Putain de Nadal, m’écriais-je avec force. Et ma petite voix haussant ses épaules virtuelles, s’enferma dans un mutisme hautain, me laissant en proie à d’abominables acouphènes qui obéraient toute tentative de pensée poétique.

Tu vois ce qui te reste à faire dit ma petite voix. Tu te souviens de ce que tu as dit au moins ?

– Sais plus

– Ah, c’était juste un mot d’enfant ?

– Non, bien sûr. Je suis vraiment comme Eux ?

– Non. Tu es l’UN d’EUX.

– Pas déjà ! Et puis je ne suis pas vieux.

– Tu crois ? Tu vas bientôt raconter des anecdotes, vivre pour le front office, les bases de données, les cotisations, les si j’avais su, la pâtée Chiendur, et ça oublie d’aimer.

Ma petite voix aimait bien citer Mickey trois D en alternance avec Le rire de Bergson. J’étais atterré.
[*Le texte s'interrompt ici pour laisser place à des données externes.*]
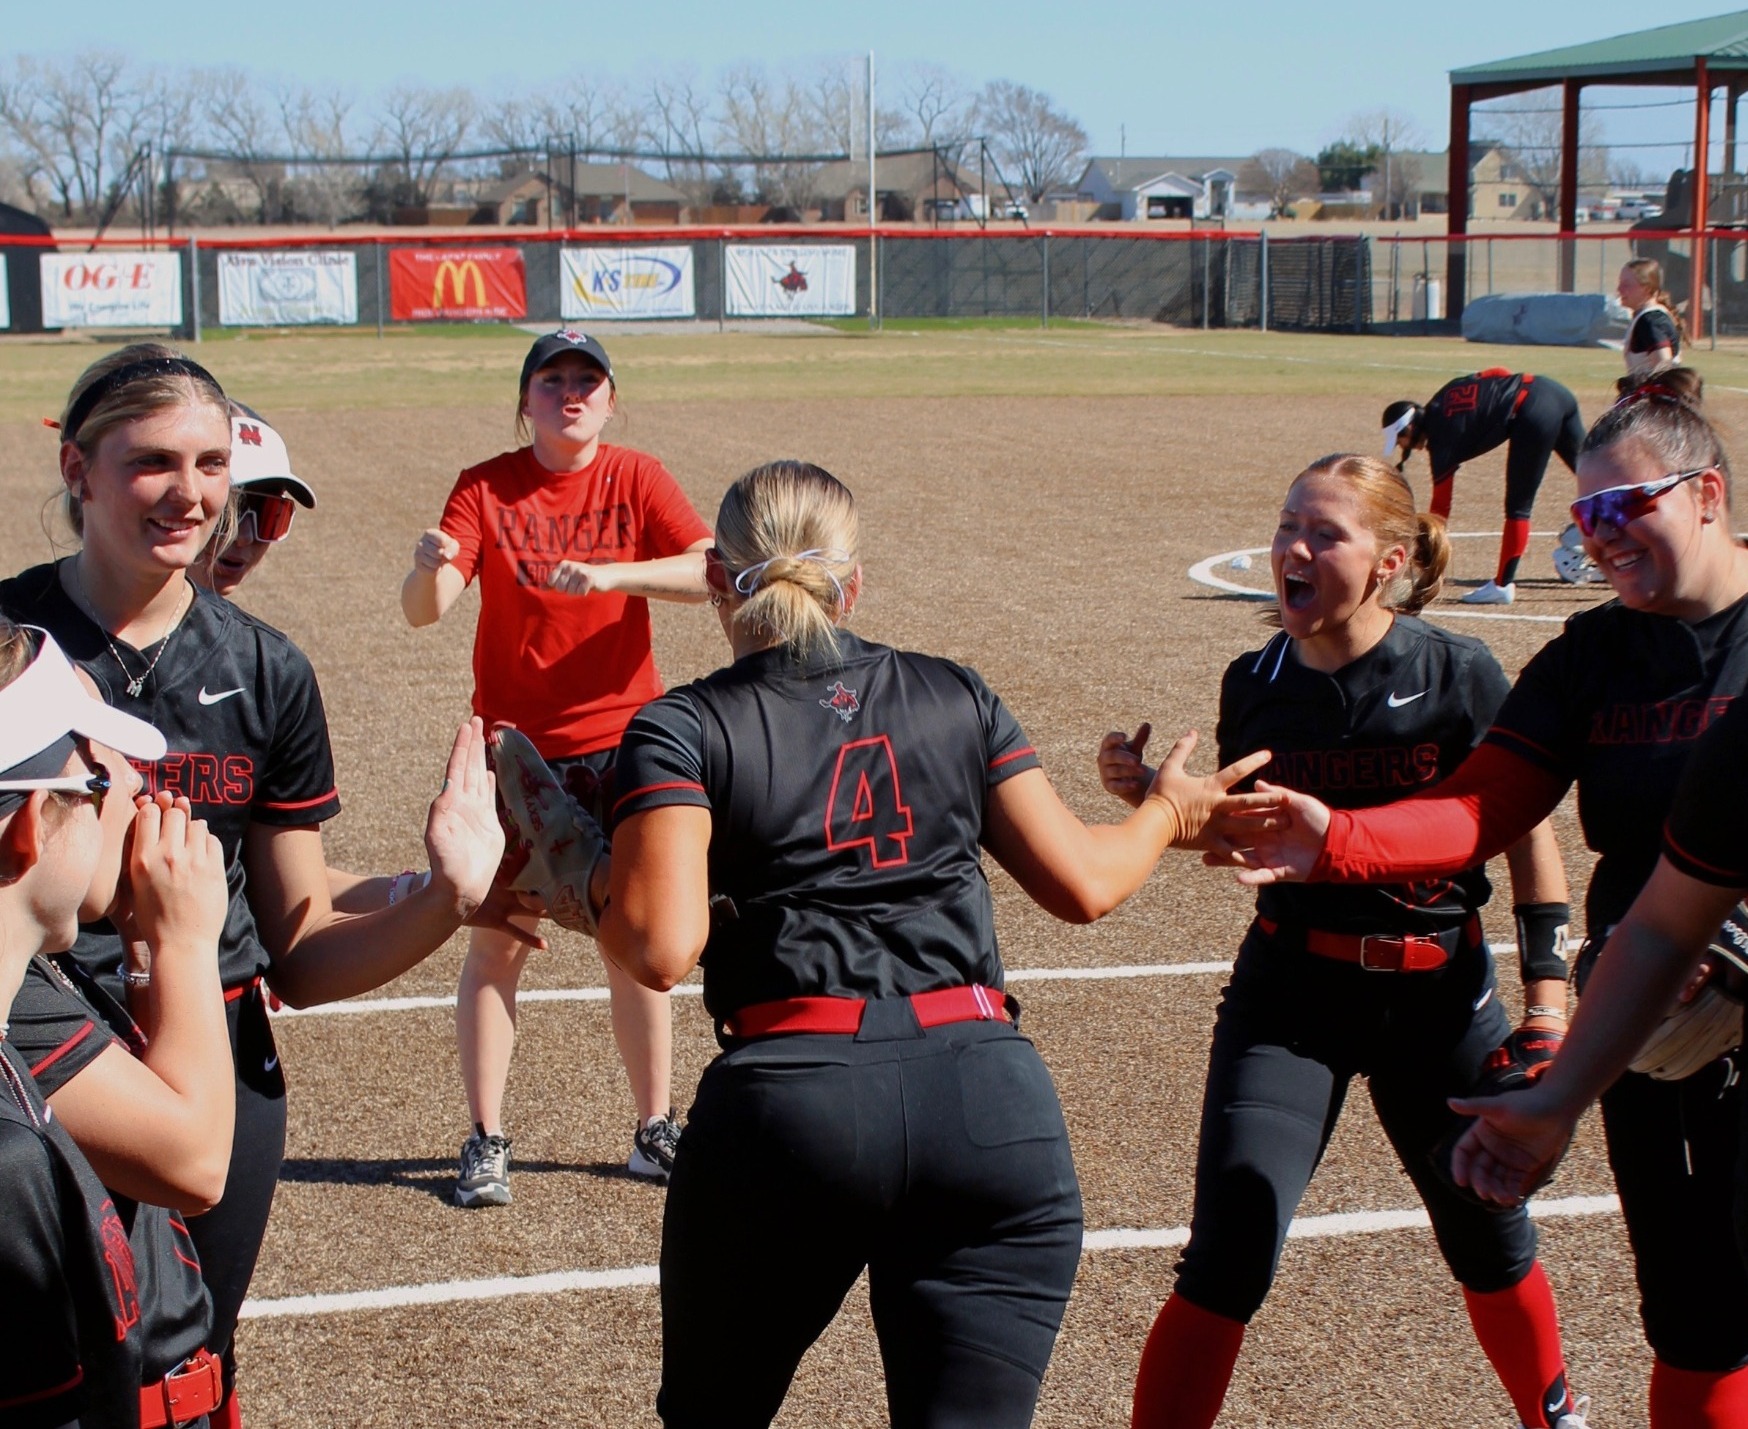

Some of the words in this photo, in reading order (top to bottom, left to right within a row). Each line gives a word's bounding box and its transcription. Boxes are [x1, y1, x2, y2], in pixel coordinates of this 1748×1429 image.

[238, 422, 263, 447] N
[494, 502, 636, 555] RANGER
[1250, 742, 1440, 791] ANGERS
[824, 733, 915, 871] 4
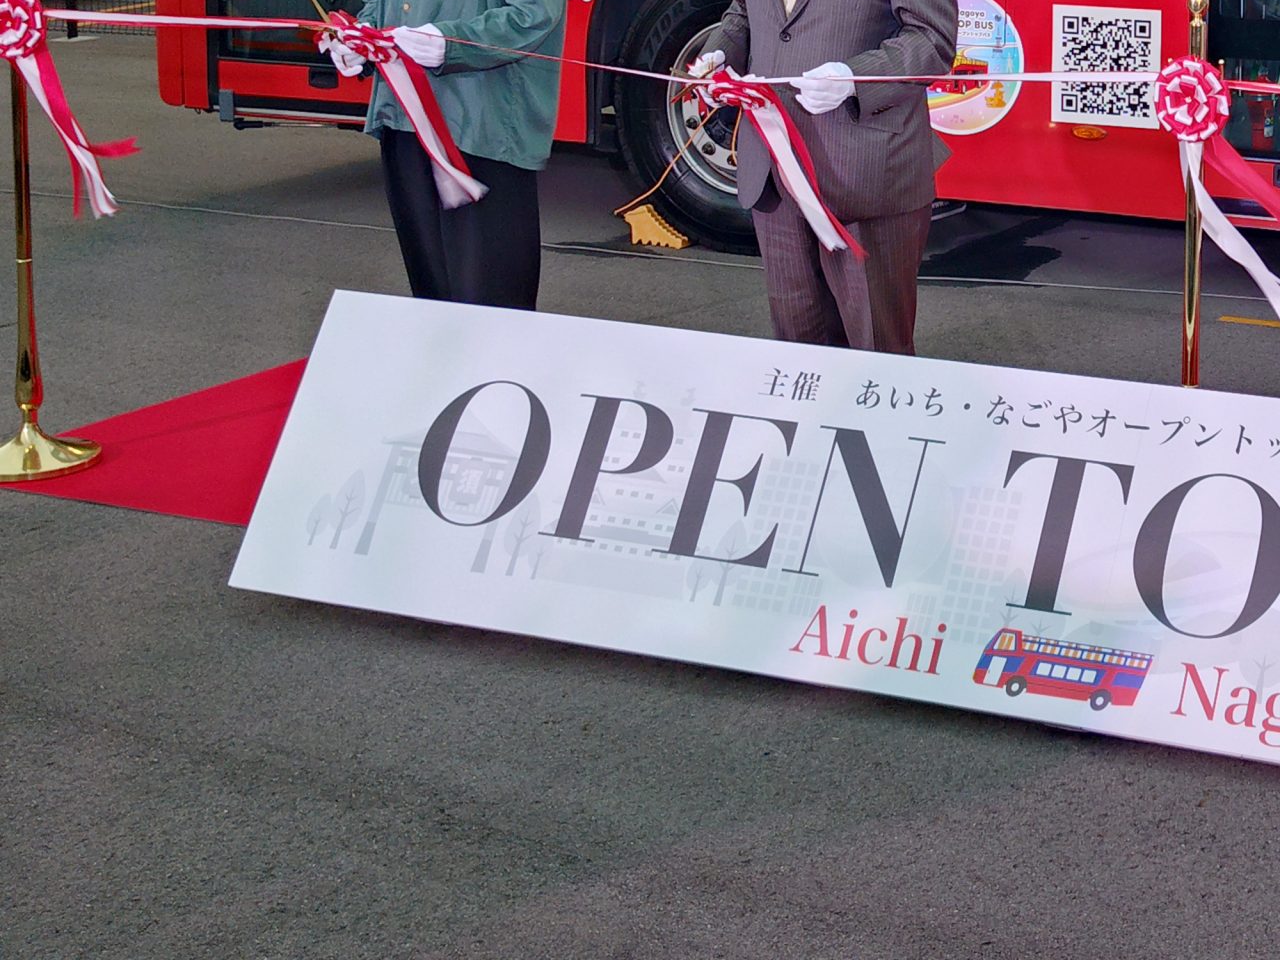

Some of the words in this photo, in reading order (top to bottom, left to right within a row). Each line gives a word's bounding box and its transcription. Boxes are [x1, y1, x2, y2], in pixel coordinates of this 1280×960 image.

[960, 10, 985, 18] agoya
[974, 21, 994, 30] BUS
[757, 368, 823, 403] 主催
[416, 380, 947, 589] OPEN
[788, 603, 947, 677] Aichi
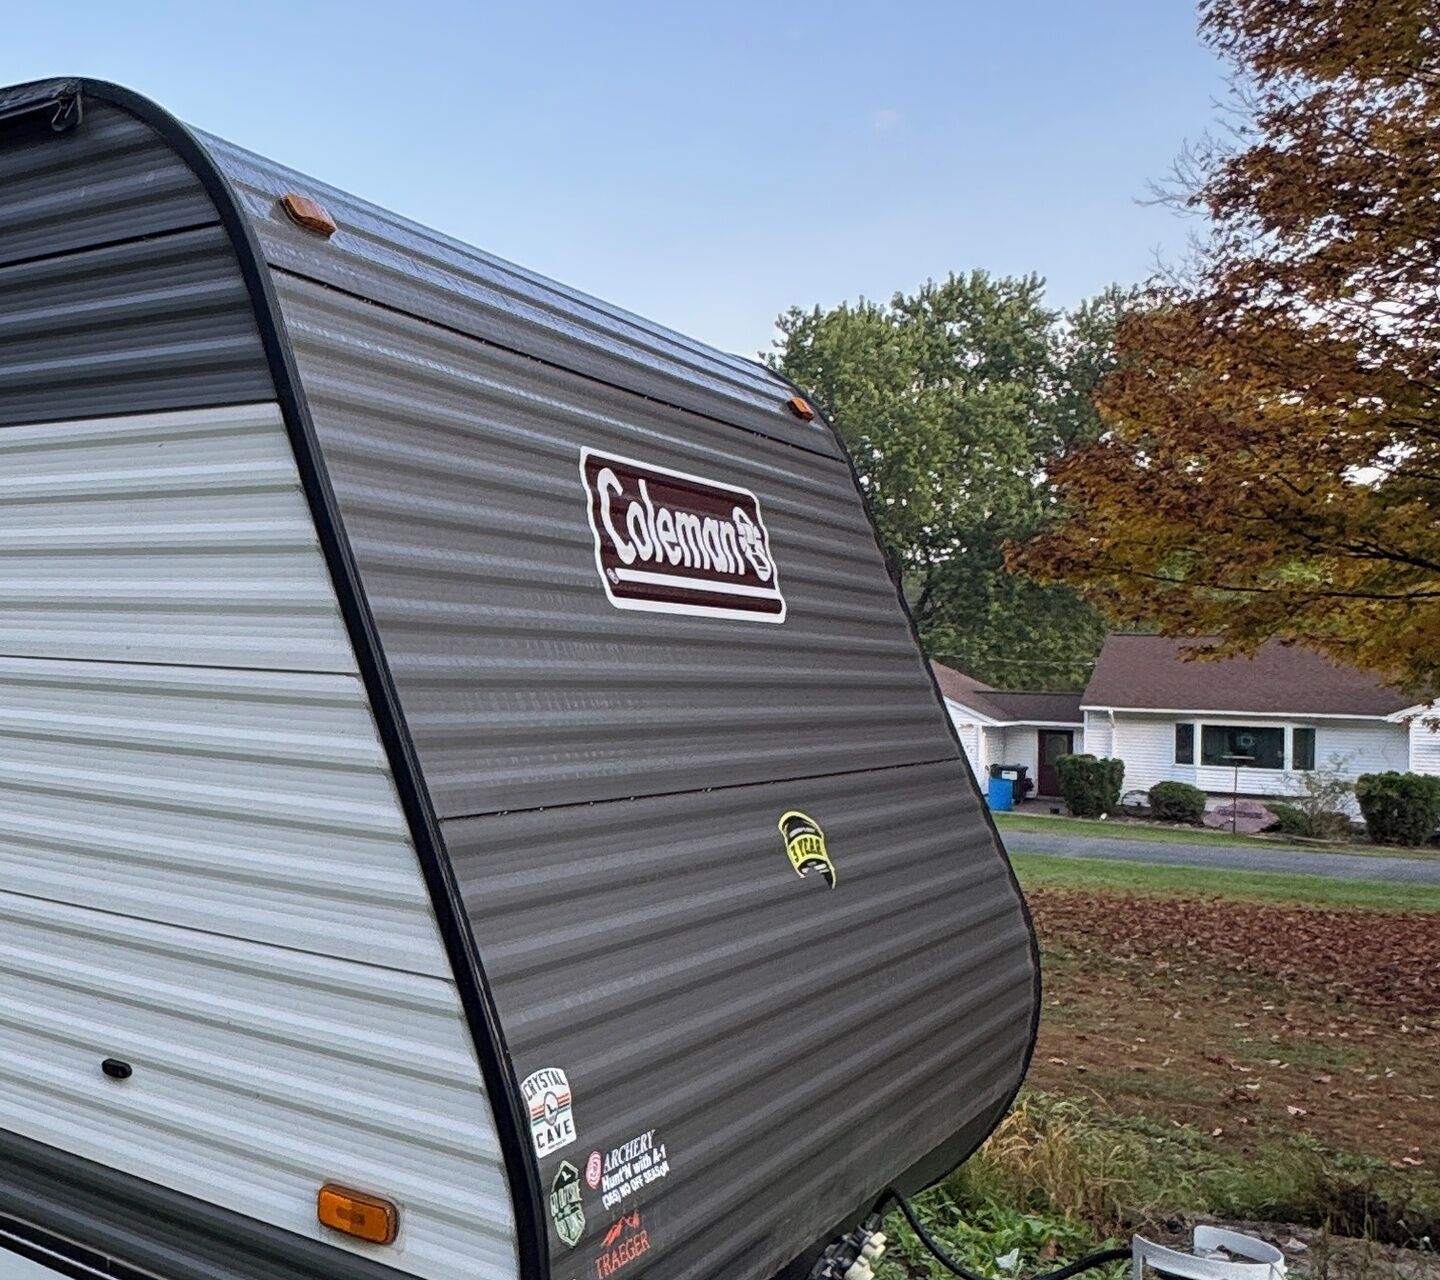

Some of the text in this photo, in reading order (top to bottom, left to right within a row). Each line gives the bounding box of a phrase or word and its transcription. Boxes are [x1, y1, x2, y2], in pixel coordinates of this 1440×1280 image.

[597, 467, 746, 576] Coleman
[523, 1070, 567, 1101] CRYSTAL
[536, 1119, 572, 1149] CAVE
[604, 1129, 656, 1174] ARCHERY
[632, 1153, 652, 1174] with
[619, 1182, 632, 1197] NO
[630, 1174, 644, 1191] OFF
[594, 1230, 651, 1280] TRAEGER
– Tu veux aller jusqu’au bout ? Tu veux rester assis à jouer à Second Life, en attendant de voir Barnabé avec des cheveux gris tout mou dans un pyjama en pilou ? Tu veux te laisser achever par son cancer de la prostate ? C’est ça que tu veux au final ? Tu veux baver dans ta compote en petit pot et pisser sur ta robe de chambre en laine des Pyrénées ? La messe à la chapelle et l’urinal au dessert ? Tu n’auras même plus la force de te débarrasser d’un chausson qui gratte. Putain de chausson, tu pourras même plus articuler ça. Putain de chausson. De toutes façon, personne ne t’entendra.

Cynique, sadique ma petite voix me provoquait. Je tentai des manoeuvres dilatoires. N’y a-t-il pas une alternative à la déchéance ? Mourir avant, dit-elle. Mourir, c’est tout.

J’atermoyais. Tour à tour, je l’injuriai et la flattai. Rêvons ensemble. Encore une histoire, je disais.

– Qu’as-tu fait de toutes nos histoires ? Rien, n’est-ce pas ?

– Tout a déjà été raconté (j’étais à nouveau gagné par le spleen)

– Tu crois qu’on invente ex nihilo, peut-être ? Que Joyce a inventé l’histoire d’Ulysse, que Homère a imaginé ses histoires tout seul, que Shakespeare ignorait Chaucer ? Que Moby Dick a poussé directement dans la tête d’Herman ? Tout n’est que redites et répétitions ravaudées, rénovées, rafistolées, transposées par le dernier venu. A toi de jouer. N’aie pas de complexes. Et ta voix, tu l’utilises ta voix ? Et ton oreille ? Tu te souviens de l’air de Leporello ? Tu préfères Meunier tu dors ?

Je tentai de plaider. Etait-ce ma faute si j’étais encadré, noyauté, phagocyté par Eux ?

– Trop facile dit ma petite voix, en s’étranglant de rage.

– Alors que faire ?

– Je viens de te le dire : sois créateur, artiste, inventeur. Ne les écoute plus, bouche ton oreille absolue, sors ta langue, invente une métalangue, crève ton oreiller, lance des flammes, cesse d’être un robot, sois roboratif, balance tes salades, arrache tes entraves, crache de la lave, enfile Zarathoustra, déplume les anges, saute au plafond, grimpe aux mâts, passe le mur du son, mords toi le noeud, refais Le banquet, braille les Chants de Maldoror, fais-toi brailleur de fond, poseur d’écluse, lanceur d’enclume, réécris La Recherche, joue la Cinquième, repeins la Sixtine …

T’as tout ça à faire avant d’être vieux. Ad augusta per angusta . Suis ta voix. Trouve ta voie. Alors, Jérémie, c’est pour aujourd’hui pour demain ? Sois humain, quoi. Putain de toi, Jérémie.

Voilà, c’est la dernière fois que j’ai entendu ma petite voix. Elle a dit : putain de toi, Jérémie. Et moi je suis resté interdit, je veux dire interloqué, mais, in fine, pas tellement surpris.